Se existe uma força da natureza capaz de desafiar as leis da termodinâmica e do bom senso simultaneamente, essa força atende pelo nome de Tyler Perry. Em sua mais nova investida, o magnata que ergueu um império sobre perucas e sermões dominicais resolveu que era hora de chutar o balde da igreja e mergulhar de cabeça no chorume do humor “proibido”.
O problema é que Perry tentando ser transgressor é como ver um telemarketing tentando ser seu melhor amigo: você sabe que, no fundo, ele só quer te vender algo estragado e ainda espera que você agradeça pelo serviço.
A trama é um amontoado de esquetes que faria qualquer roteirista com um pingo de dignidade procurar o RH mais próximo.

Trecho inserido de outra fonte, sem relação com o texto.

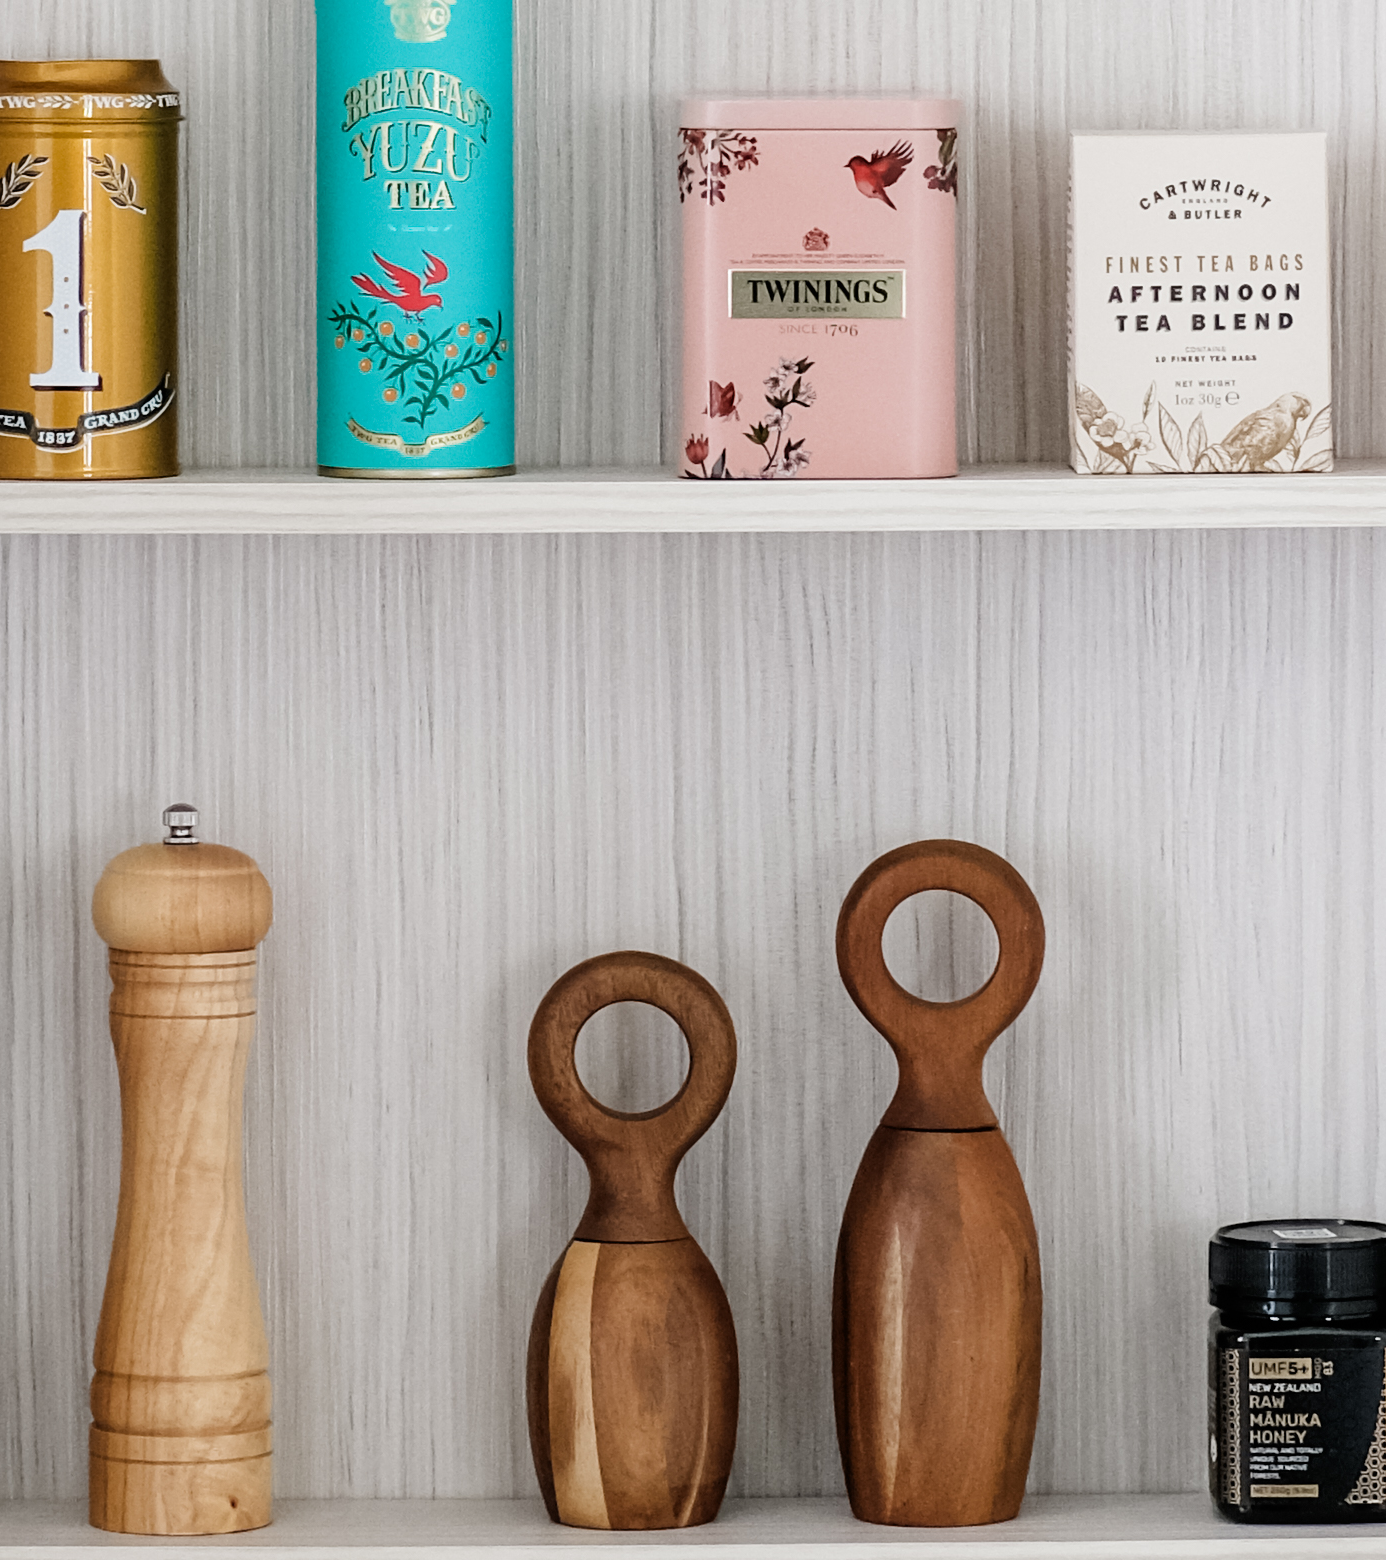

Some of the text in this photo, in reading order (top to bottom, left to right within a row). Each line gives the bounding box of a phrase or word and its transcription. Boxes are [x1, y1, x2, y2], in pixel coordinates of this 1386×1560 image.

[79, 94, 124, 109] TWG
[342, 67, 492, 144] BREAKFAST
[349, 119, 480, 182] YUZU
[384, 180, 457, 211] TEA
[1139, 178, 1272, 211] CARTWRIGHT
[1168, 209, 1243, 220] & BUTLER
[1106, 253, 1304, 274] FINEST TEA BAGS
[22, 209, 102, 391] 1
[747, 279, 888, 304] TWININGS
[1108, 282, 1302, 304] AFTERNOON
[779, 323, 859, 338] SINCE 1706
[1115, 312, 1294, 333] TEA BLEND
[1155, 354, 1257, 363] 10 FINEST TEA BAGS
[1198, 379, 1236, 387] WEIGHT
[84, 390, 164, 430] GRAND CRU
[1249, 1382, 1321, 1392] NEW ZEALAND
[1249, 1395, 1285, 1409] RAW
[1249, 1430, 1307, 1444] HONEY

Temos Brian — interpretado por um dos dezessete avatares de Perry no filme —, um promotor de justiça que, apesar do cargo, possui a acuidade mental de uma torrada fria. Ele continua buscando conselhos com seu pai, Joe, um patriarca que parece ter sido montado com sobras de restos de asfalto e veneno de rato, e com a onipresente Madea.
O conflito da vez? O filho de Brian, BJ — uma sigla que Perry usa para uma piada de quinta série que se arrasta por dois atos —, é um jovem tão sensível que provavelmente precisaria de um espaço seguro se ouvisse o barulho de um motor de partida. Ele é vegano, alérgico a tudo o que não seja orgânico e acredita piamente que a história é algo que se resolve com um post de indignação no Instagram.

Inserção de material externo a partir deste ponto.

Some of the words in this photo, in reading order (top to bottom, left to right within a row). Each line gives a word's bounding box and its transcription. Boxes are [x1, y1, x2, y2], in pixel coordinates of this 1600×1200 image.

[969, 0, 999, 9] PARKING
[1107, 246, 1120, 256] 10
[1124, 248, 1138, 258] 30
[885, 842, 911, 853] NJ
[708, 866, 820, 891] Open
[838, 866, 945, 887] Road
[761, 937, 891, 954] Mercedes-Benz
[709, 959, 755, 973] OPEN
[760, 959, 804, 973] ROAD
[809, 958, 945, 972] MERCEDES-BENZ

Para “curar” essa fragilidade, o vovô Joe decide sequestrar o neto em uma viagem de carro rumo à faculdade, dentro de um Buick que consome combustível fóssil com a sede de um pirata em uma destilaria de rum. A dinâmica é clara: o “velho da nuvem” contra o “garoto do TikTok”. Perry escreve como se tivesse acabado de descobrir o que é um conflito geracional, mas decide resolvê-lo da forma mais sutil possível: jogando fora os medicamentos para asma do garoto e forçando-o a comer frango frito como se fosse um rito de passagem tribal. É o tipo de pedagogia que faria o sargento de Nascido para Matar parecer um instrutor de yoga em um retiro espiritual.
Enquanto cruzam o país, o filme tenta ser uma espécie de híbrido mutante entre um documentário do History Channel sobre a experiência negra e um episódio perdido de Jackass. Em um momento, estamos assistindo a uma tentativa patética de paródia de The Matrix em um bar de rednecks; no outro, somos jogados em um bordel no Texas onde Perry decide que tráfico sexual é um ótimo pano de fundo para uma comédia de erros. É uma esquizofrenia tonal que daria náuseas até no espectador mais acostumado com as montanhas-russas de mau gosto da Netflix. É o cinema transformado em uma linha de produção de fast-food: você sabe que não tem valor nutricional, o cheiro é suspeito, mas a entrega é rápida e o marketing é agressivo.
Joe é um personagem que se comunica basicamente através de flatulências e insultos que seriam considerados crimes de ódio em 48 estados. Já BJ é o espantalho perfeito da “geração floquinho de neve”, servindo apenas para ser humilhado até que aprenda a “ser homem”. Perry tenta enfiar goela abaixo uma mensagem sobre respeitar os ancestrais, mas faz isso enquanto mergulha a câmera em piadas sobre banheiros de rodoviária e glórias holes. É como tentar ler um manifesto filosófico impresso em papel higiênico usado. Não importa quão profunda seja a frase, o suporte torna o consumo impossível.
No fim das contas, a obra é um monumento ao narcisismo de um autor que se recusa a ser editado. Perry dirige, escreve, produz e atua contra si mesmo em três camadas de maquiagem que parecem estar derretendo sob o peso da própria irrelevância criativa. Ele criou um universo onde a lógica é opcional e a sutileza é tratada como uma doença contagiosa. Se a ideia era mostrar que a juventude atual está perdida, Perry conseguiu apenas provar que ele mesmo não faz ideia de onde deixou o mapa. É um acidente de trânsito cinematográfico onde você não consegue desviar o olhar, não pela beleza do caos, mas pelo puro espanto de que alguém tenha autorizado o licenciamento dessa frota. No grande teatro da vida, Perry continua sendo aquele ator que não sai do palco nem quando as luzes já se apagaram e o pessoal da limpeza já quer ir para casa.